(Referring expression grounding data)
+ + + + + + +

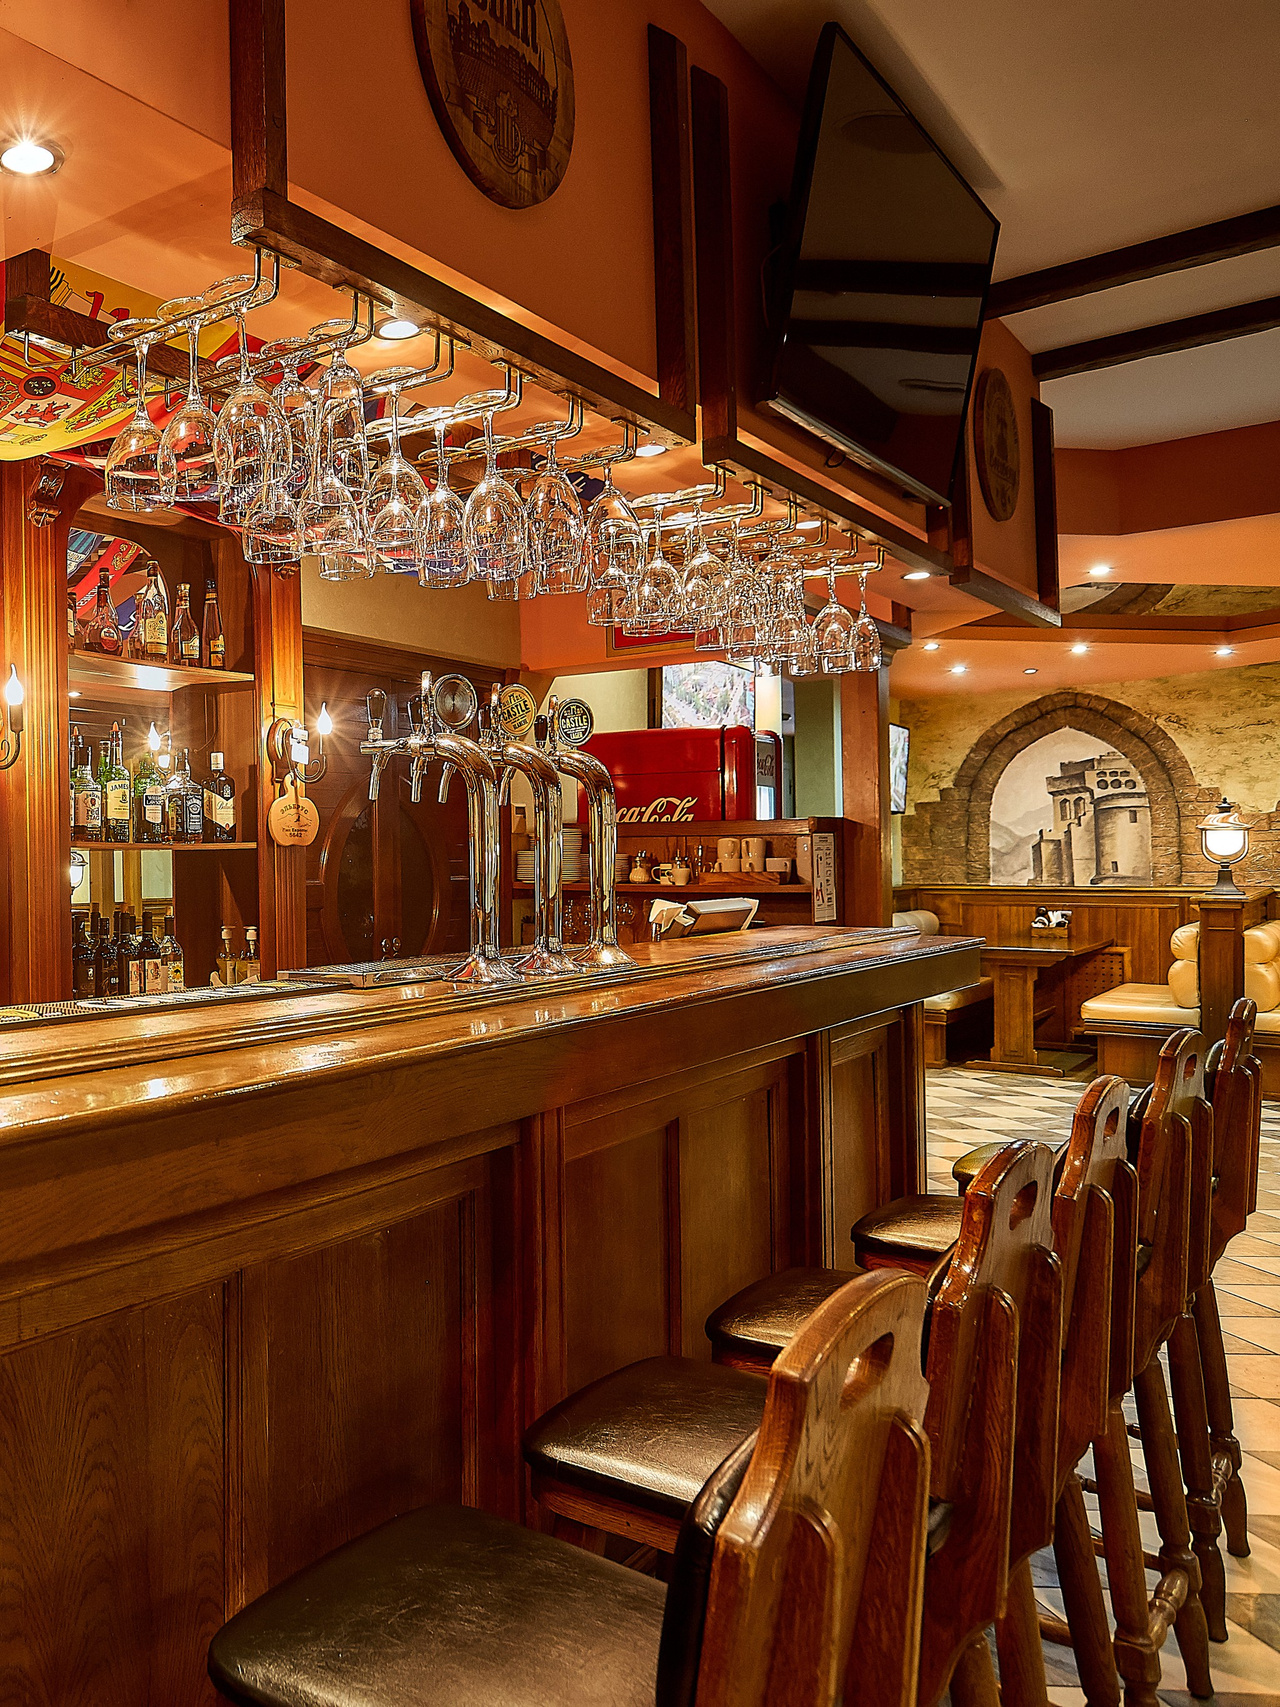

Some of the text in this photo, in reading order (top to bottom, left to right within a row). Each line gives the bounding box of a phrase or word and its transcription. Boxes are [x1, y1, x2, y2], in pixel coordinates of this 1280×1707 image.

[502, 700, 530, 721] CASTLE
[562, 715, 588, 729] CASTLE
[280, 804, 309, 815] ЭЛЬБРУС
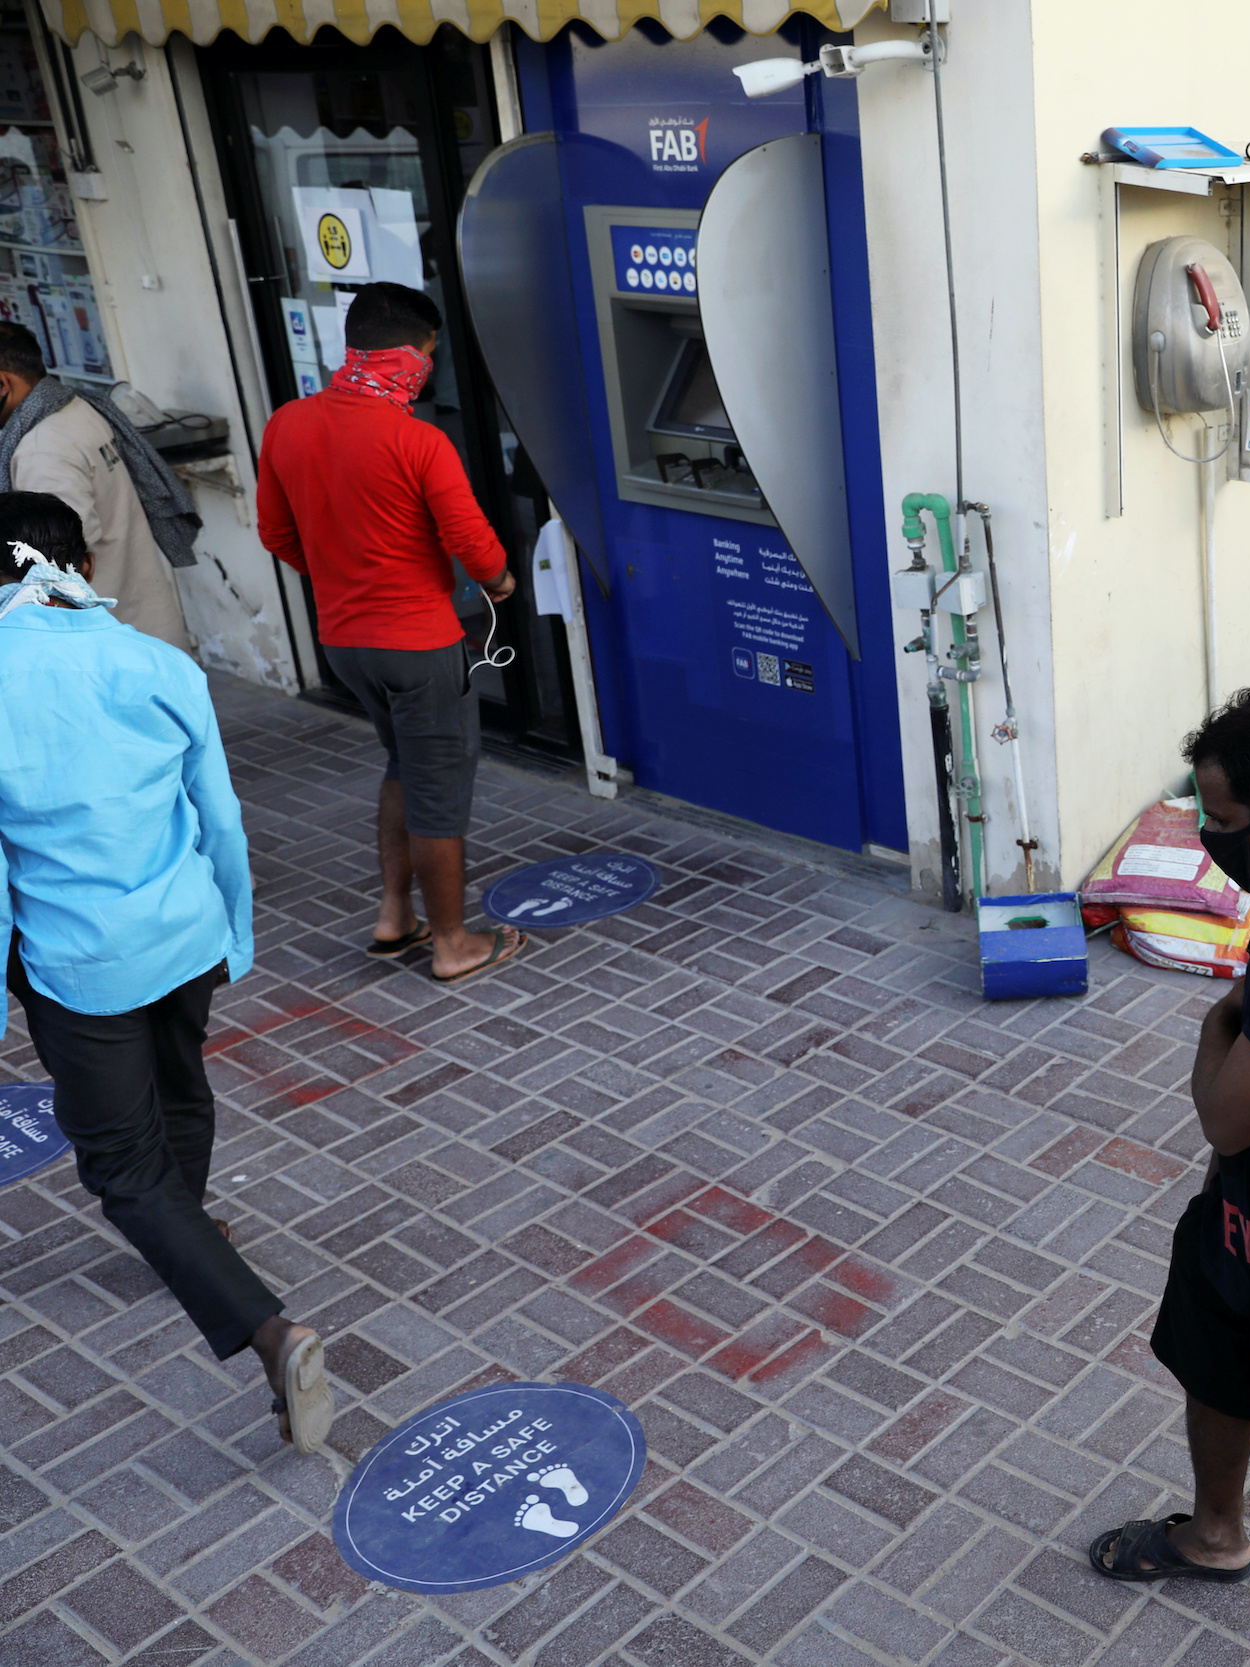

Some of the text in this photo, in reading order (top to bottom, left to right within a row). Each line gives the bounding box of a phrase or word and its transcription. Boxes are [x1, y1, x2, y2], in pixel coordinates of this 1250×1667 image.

[650, 129, 698, 161] FAB
[713, 538, 741, 553] Banking
[715, 552, 743, 565] Anytime
[717, 566, 749, 579] Anywhere
[541, 879, 599, 902] DISTANCE
[548, 870, 581, 882] KEEP
[588, 884, 620, 897] SAFE
[405, 1416, 461, 1455] اترك
[383, 1409, 523, 1501] مسافة آمنة
[401, 1417, 553, 1522] KEEP A SAFE
[439, 1439, 557, 1523] DISTANCE

+ + + + + + +

Word for word, repeat the lines of data above, omitting every picture.

__Solution__.
Some of the text in this photo, in reading order (top to bottom, left to right within a row). Each line gives the bounding box of a phrase or word and its transcription. Boxes are [x1, y1, x2, y2], in pixel coordinates of this 1280×1707 image.

[502, 700, 530, 721] CASTLE
[562, 715, 588, 729] CASTLE
[280, 804, 309, 815] ЭЛЬБРУС

Some of the text in this photo, in reading order (top to bottom, left to right within a row). Each line gives the bounding box of a phrase or word and its transcription. Boxes are [x1, y1, x2, y2], in pixel coordinates of this 1250×1667 image.

[650, 129, 698, 161] FAB
[713, 538, 741, 553] Banking
[715, 552, 743, 565] Anytime
[717, 566, 749, 579] Anywhere
[541, 879, 599, 902] DISTANCE
[548, 870, 581, 882] KEEP
[588, 884, 620, 897] SAFE
[405, 1416, 461, 1455] اترك
[383, 1409, 523, 1501] مسافة آمنة
[401, 1417, 553, 1522] KEEP A SAFE
[439, 1439, 557, 1523] DISTANCE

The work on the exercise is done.